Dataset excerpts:
━━━━━━━━━━━━━━━━━━━━

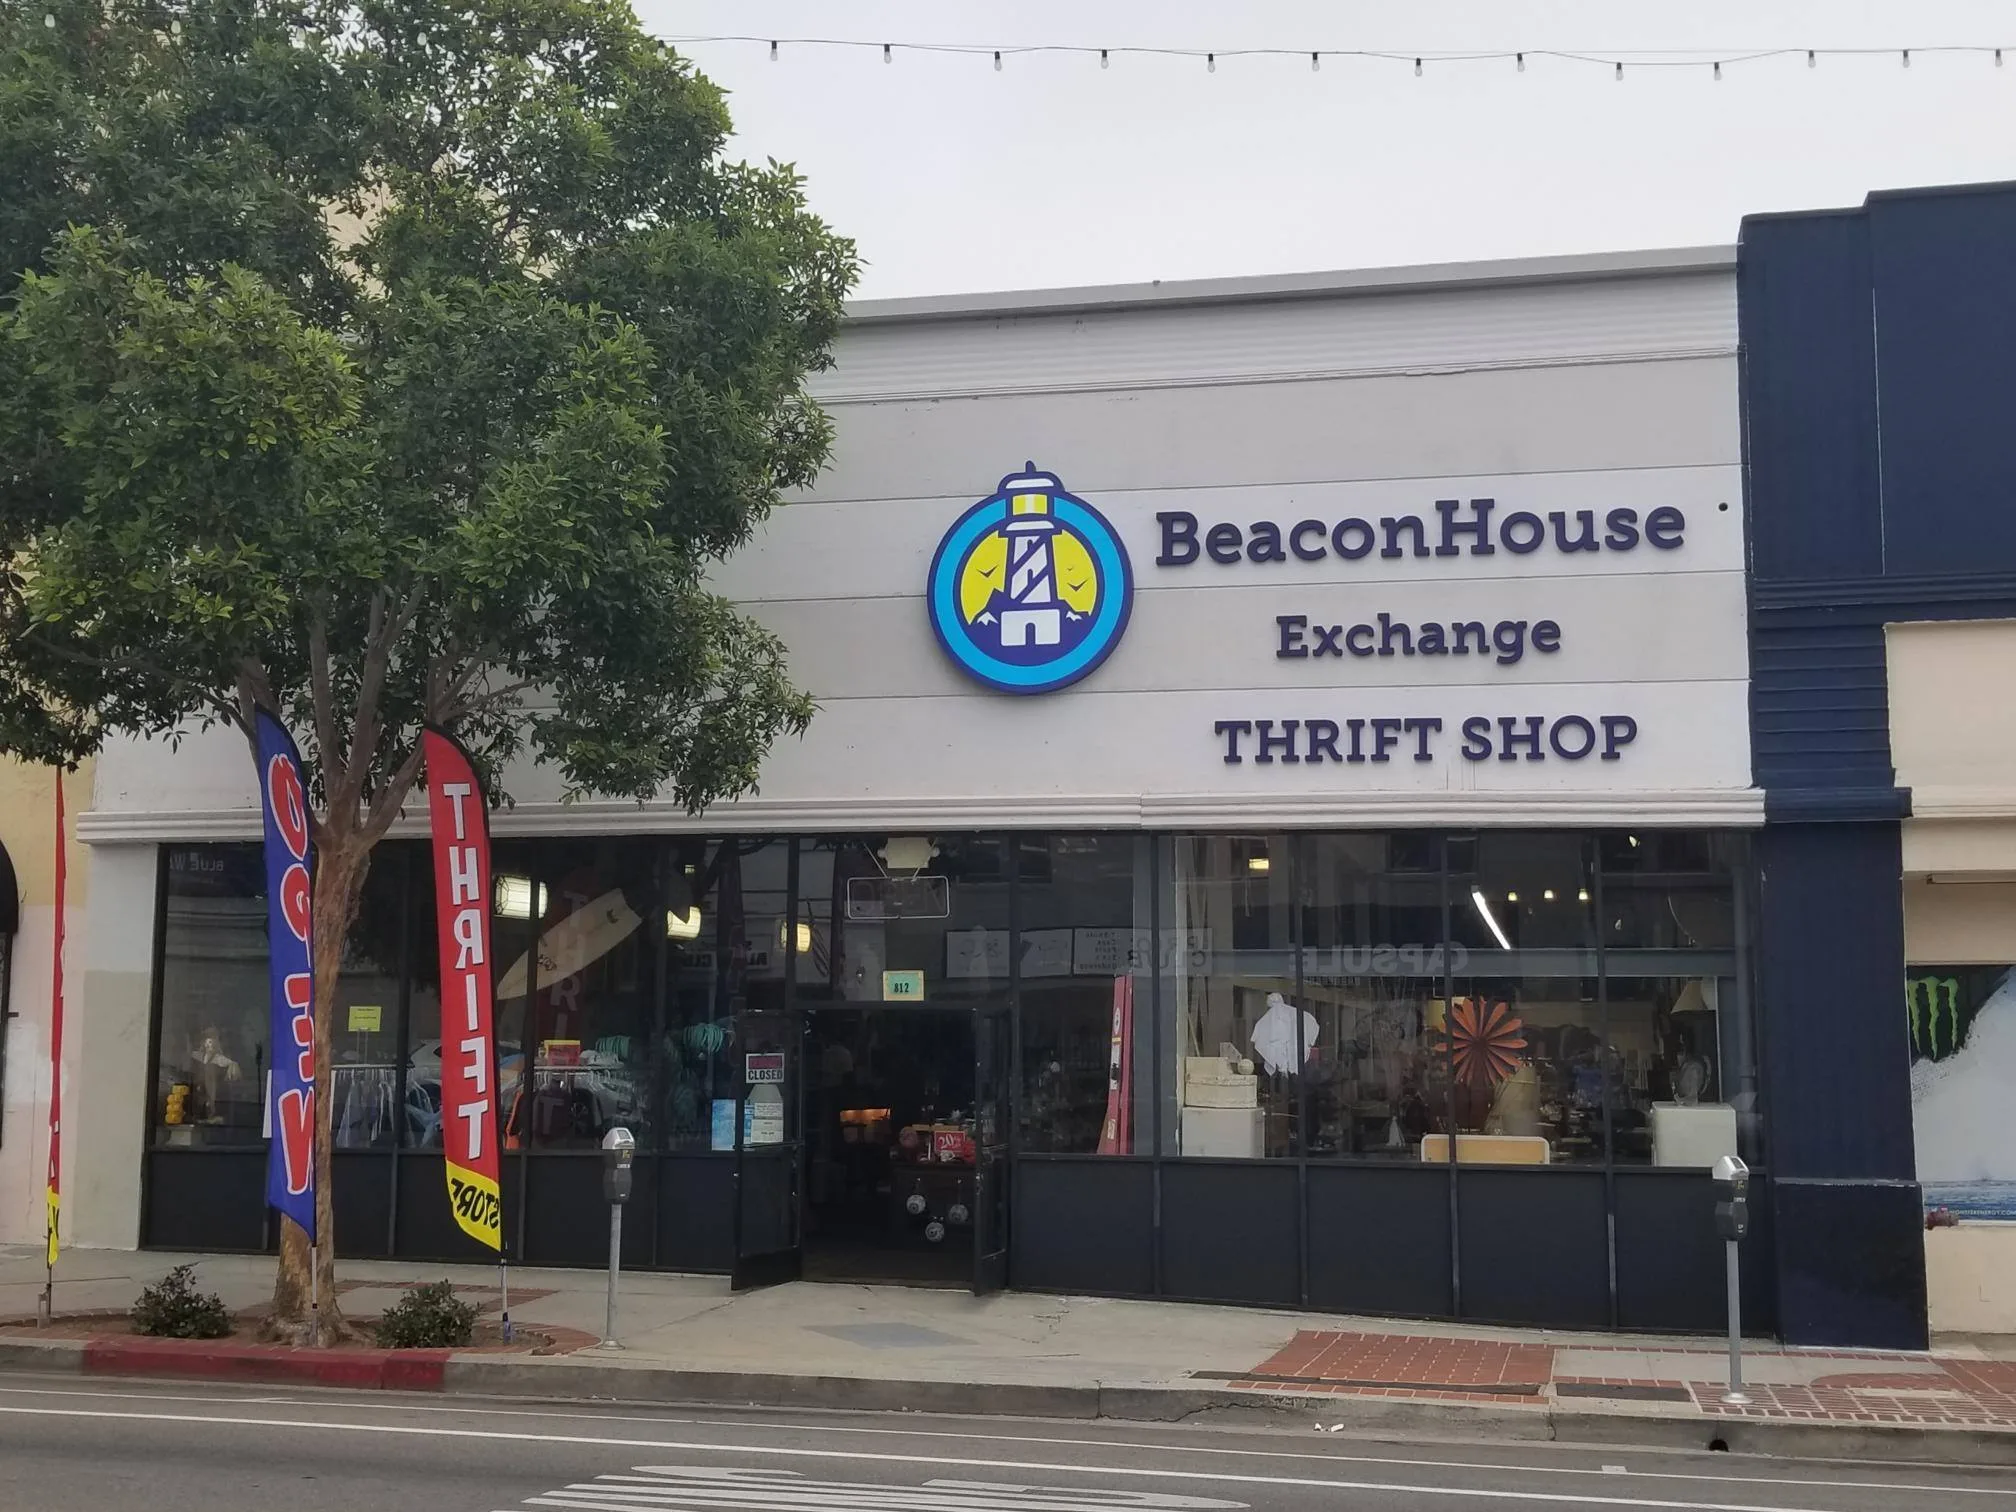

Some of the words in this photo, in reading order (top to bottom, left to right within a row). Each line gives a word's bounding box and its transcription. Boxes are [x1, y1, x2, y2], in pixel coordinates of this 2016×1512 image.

[1155, 498, 1686, 567] BeaconHouse
[1276, 612, 1562, 665] Exchange
[1214, 717, 1443, 764] THRIFT
[1460, 714, 1639, 762] SHOP
[893, 982, 911, 993] 812
[748, 1069, 783, 1080] CLOSED
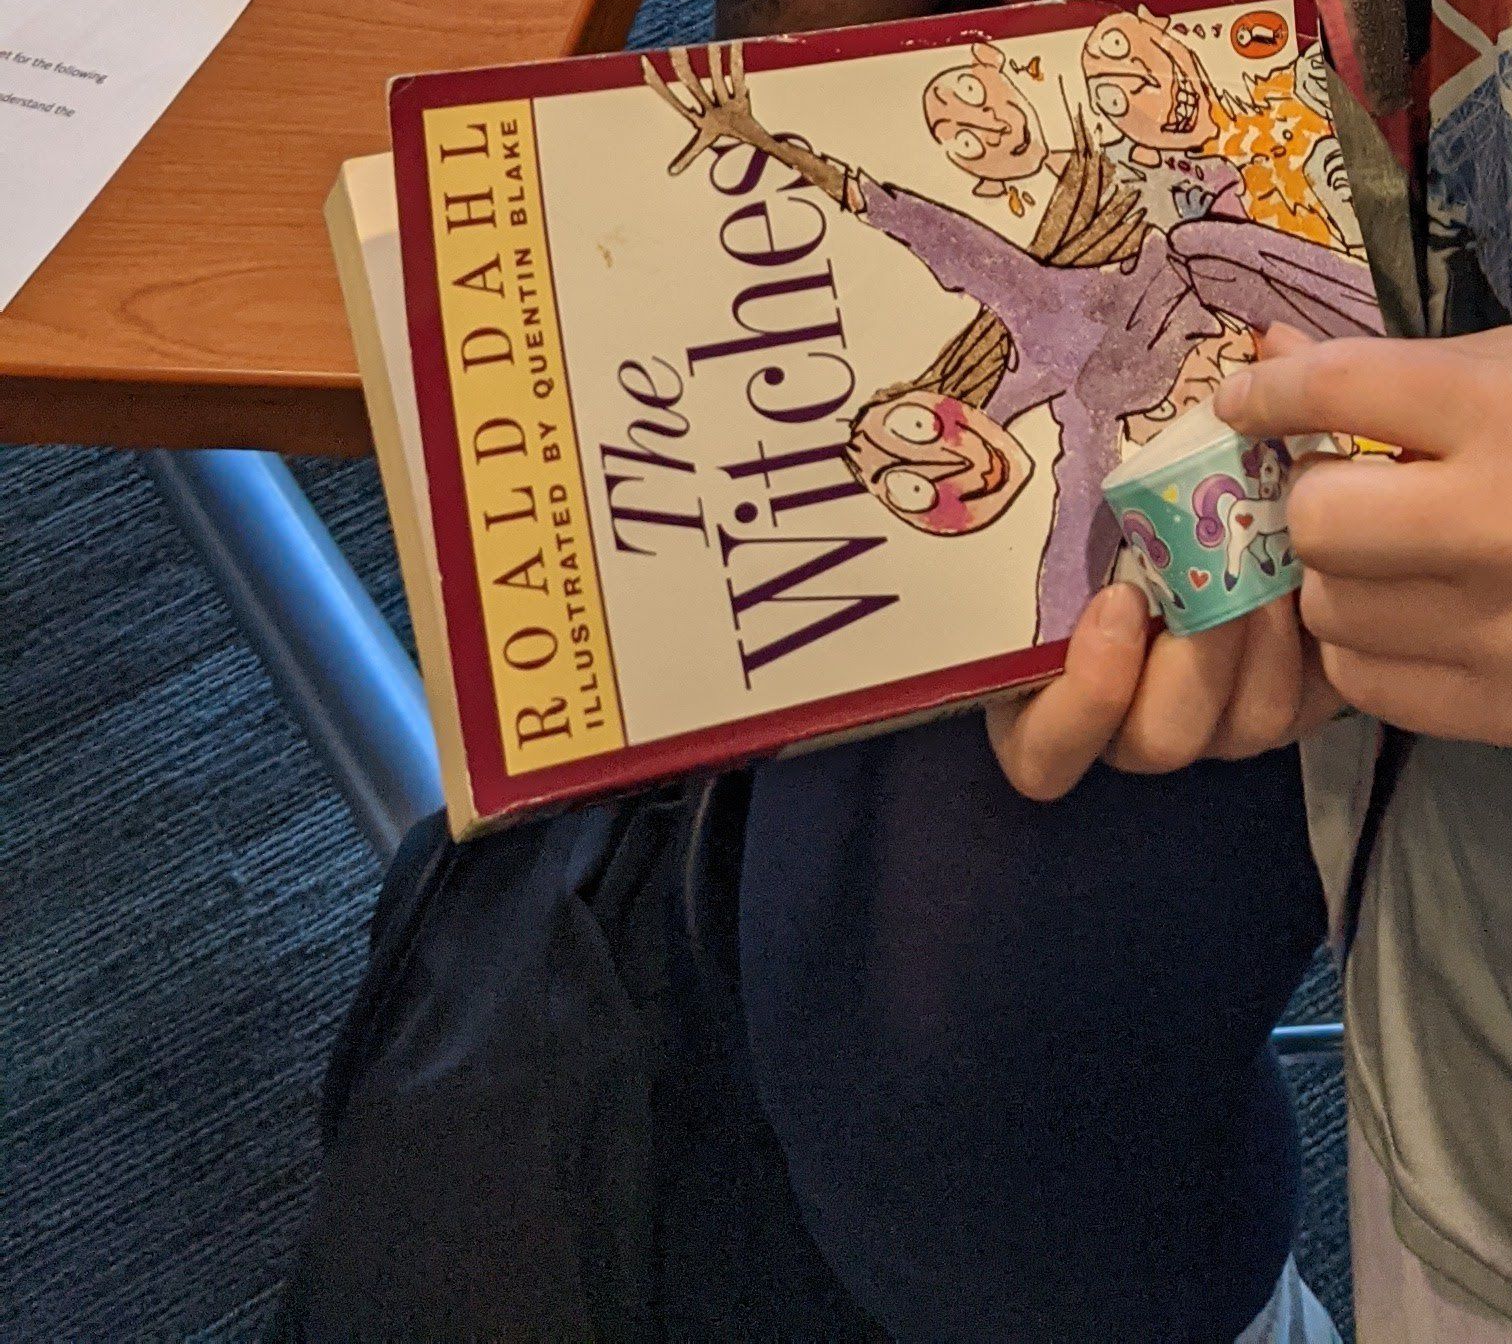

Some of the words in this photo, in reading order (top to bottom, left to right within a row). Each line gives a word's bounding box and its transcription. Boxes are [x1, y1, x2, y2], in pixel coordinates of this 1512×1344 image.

[13, 52, 32, 63] for
[32, 58, 53, 70] the
[54, 62, 108, 84] following
[55, 106, 75, 117] the
[439, 122, 515, 374] DAHL
[501, 118, 528, 228] BLAKE
[514, 248, 555, 400] QUENTIN
[686, 132, 901, 691] Witches
[537, 420, 562, 464] BY
[599, 356, 710, 557] The
[473, 417, 573, 750] ROALD
[549, 483, 606, 730] ILLUSTRATED

━━━━━━━━━━━━━━━━━━━━

▶ **PROBLEM DETAILS**: The line with "this 1512×1344 image." and all lines after it through the end of the data above: write these out exactly and add nothing.

▶ **EXERCISE SOLUTION**:
Some of the words in this photo, in reading order (top to bottom, left to right within a row). Each line gives a word's bounding box and its transcription. Boxes are [x1, y1, x2, y2], in pixel coordinates of this 1512×1344 image.

[13, 52, 32, 63] for
[32, 58, 53, 70] the
[54, 62, 108, 84] following
[55, 106, 75, 117] the
[439, 122, 515, 374] DAHL
[501, 118, 528, 228] BLAKE
[514, 248, 555, 400] QUENTIN
[686, 132, 901, 691] Witches
[537, 420, 562, 464] BY
[599, 356, 710, 557] The
[473, 417, 573, 750] ROALD
[549, 483, 606, 730] ILLUSTRATED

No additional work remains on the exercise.